■ Exercise details
Any picture must be dropped, but each line of the data should be duplicated exactly.

[Phrase grounding data]
————————

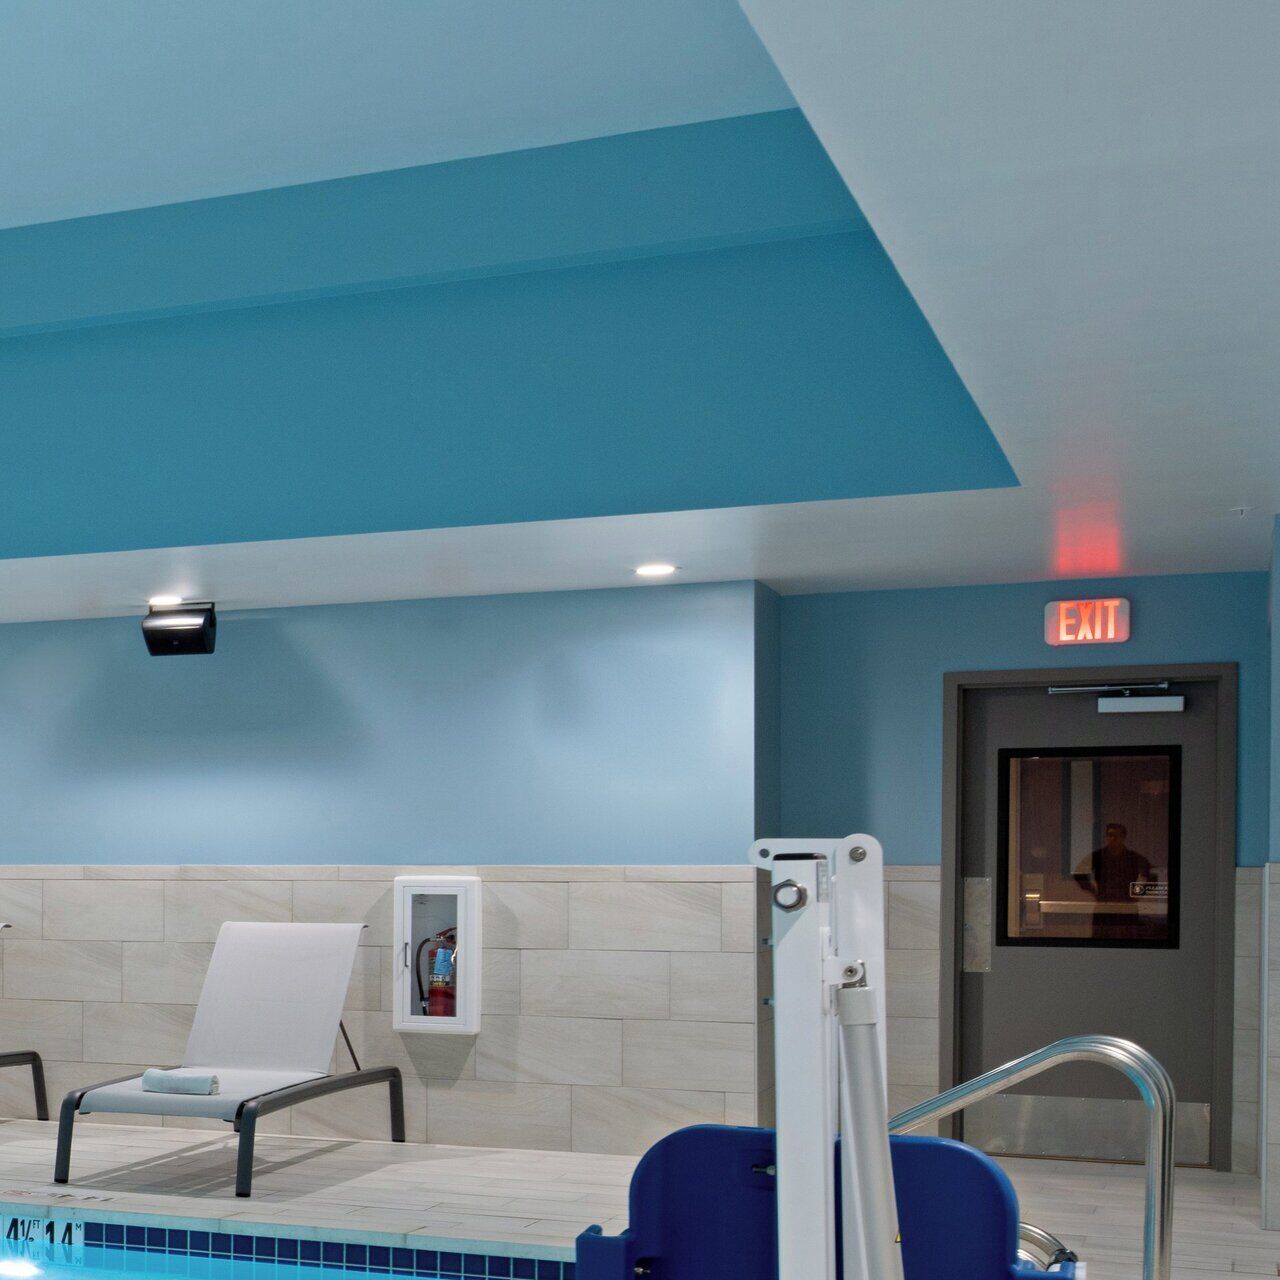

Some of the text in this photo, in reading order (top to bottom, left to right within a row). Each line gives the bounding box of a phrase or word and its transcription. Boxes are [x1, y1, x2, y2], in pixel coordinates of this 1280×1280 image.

[1059, 601, 1120, 641] EXIT
[33, 1219, 41, 1229] FT
[75, 1223, 82, 1231] M
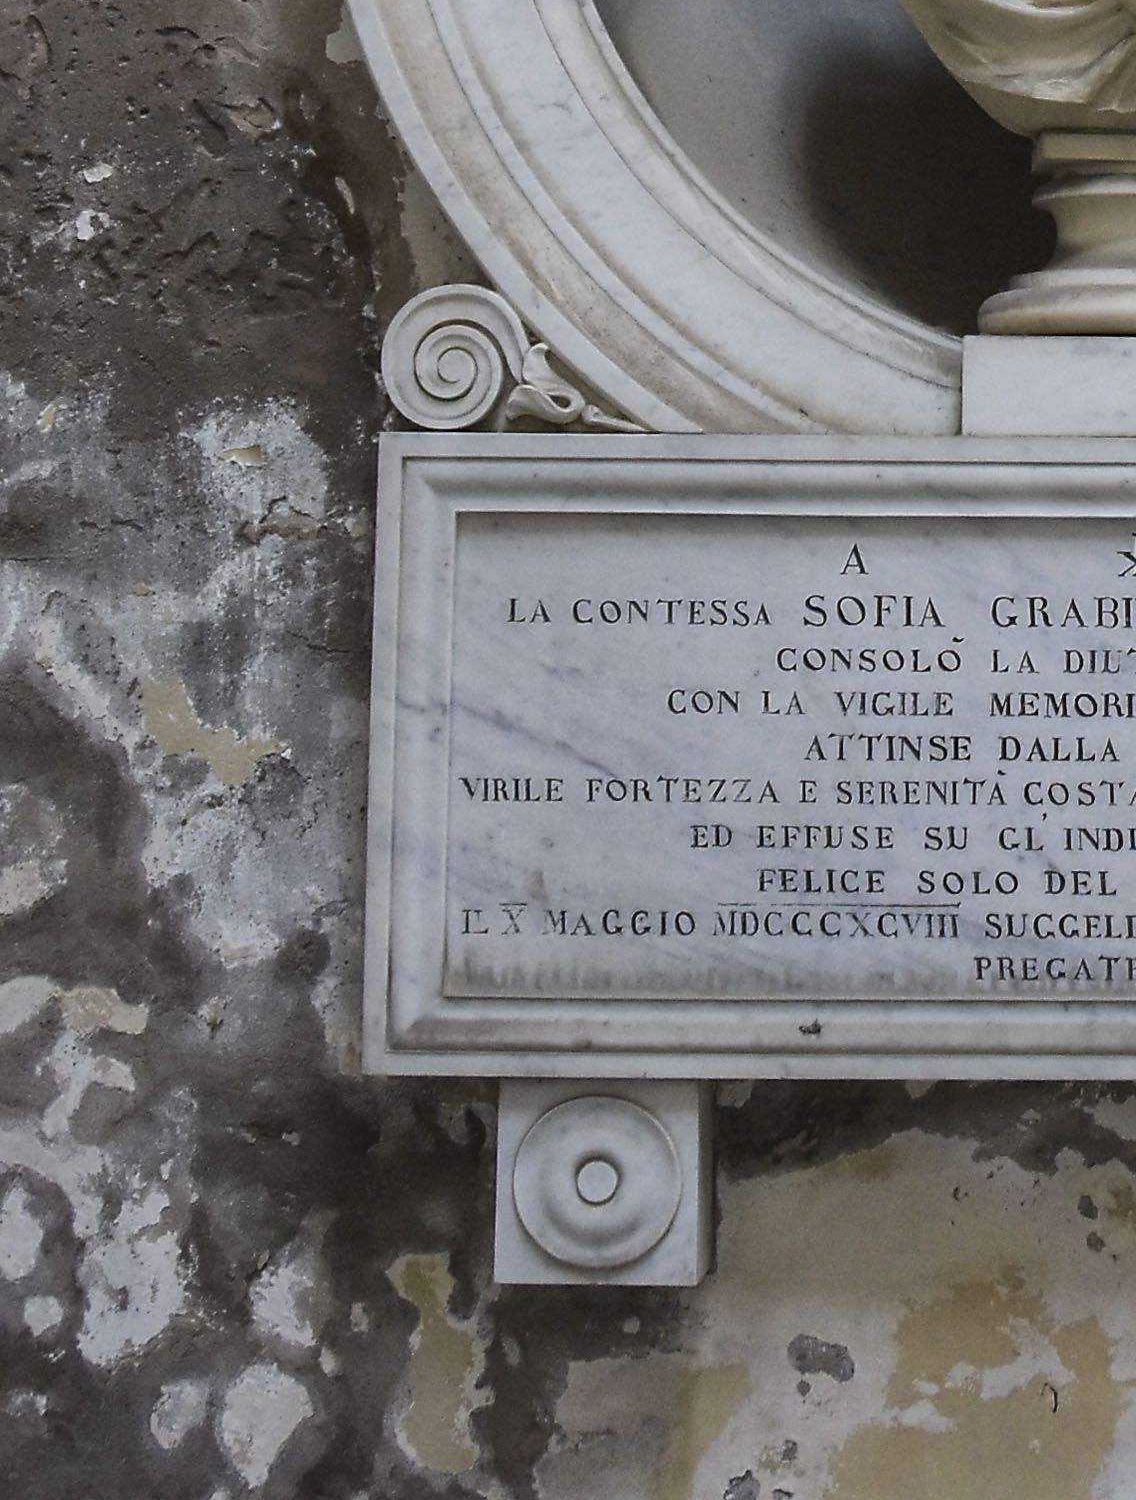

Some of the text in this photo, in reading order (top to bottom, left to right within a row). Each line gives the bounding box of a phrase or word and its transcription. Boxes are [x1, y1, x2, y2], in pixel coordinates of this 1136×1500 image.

[506, 597, 552, 625] LA
[572, 598, 773, 627] CONTESSA
[802, 594, 947, 628] SOFIA
[990, 648, 1040, 675] LA
[667, 688, 741, 715] CON
[761, 690, 806, 716] LA
[834, 690, 955, 717] VIGILE
[803, 732, 972, 762] ATTINSE
[998, 736, 1121, 763] DALLA
[458, 776, 564, 803] VIRILE
[585, 774, 781, 804] FORTEZZA
[798, 779, 818, 804] E
[835, 770, 1007, 807] SERENITÀ
[689, 825, 733, 849] ED
[755, 825, 895, 851] EFFUSE
[923, 826, 969, 851] SU
[757, 868, 886, 895] FELICE
[916, 870, 1019, 896] SOLO
[1043, 870, 1118, 896] DEL
[460, 908, 489, 936] IL
[541, 908, 697, 937] MAGGIO
[711, 901, 963, 939] MDCCCXCVIII

————————

■ Task output
Some of the text in this photo, in reading order (top to bottom, left to right within a row). Each line gives the bounding box of a phrase or word and its transcription. Boxes are [x1, y1, x2, y2], in pixel coordinates of this 1280×1280 image.

[1059, 601, 1120, 641] EXIT
[33, 1219, 41, 1229] FT
[75, 1223, 82, 1231] M

Some of the text in this photo, in reading order (top to bottom, left to right within a row). Each line gives the bounding box of a phrase or word and its transcription. Boxes are [x1, y1, x2, y2], in pixel coordinates of this 1136×1500 image.

[506, 597, 552, 625] LA
[572, 598, 773, 627] CONTESSA
[802, 594, 947, 628] SOFIA
[990, 648, 1040, 675] LA
[667, 688, 741, 715] CON
[761, 690, 806, 716] LA
[834, 690, 955, 717] VIGILE
[803, 732, 972, 762] ATTINSE
[998, 736, 1121, 763] DALLA
[458, 776, 564, 803] VIRILE
[585, 774, 781, 804] FORTEZZA
[798, 779, 818, 804] E
[835, 770, 1007, 807] SERENITÀ
[689, 825, 733, 849] ED
[755, 825, 895, 851] EFFUSE
[923, 826, 969, 851] SU
[757, 868, 886, 895] FELICE
[916, 870, 1019, 896] SOLO
[1043, 870, 1118, 896] DEL
[460, 908, 489, 936] IL
[541, 908, 697, 937] MAGGIO
[711, 901, 963, 939] MDCCCXCVIII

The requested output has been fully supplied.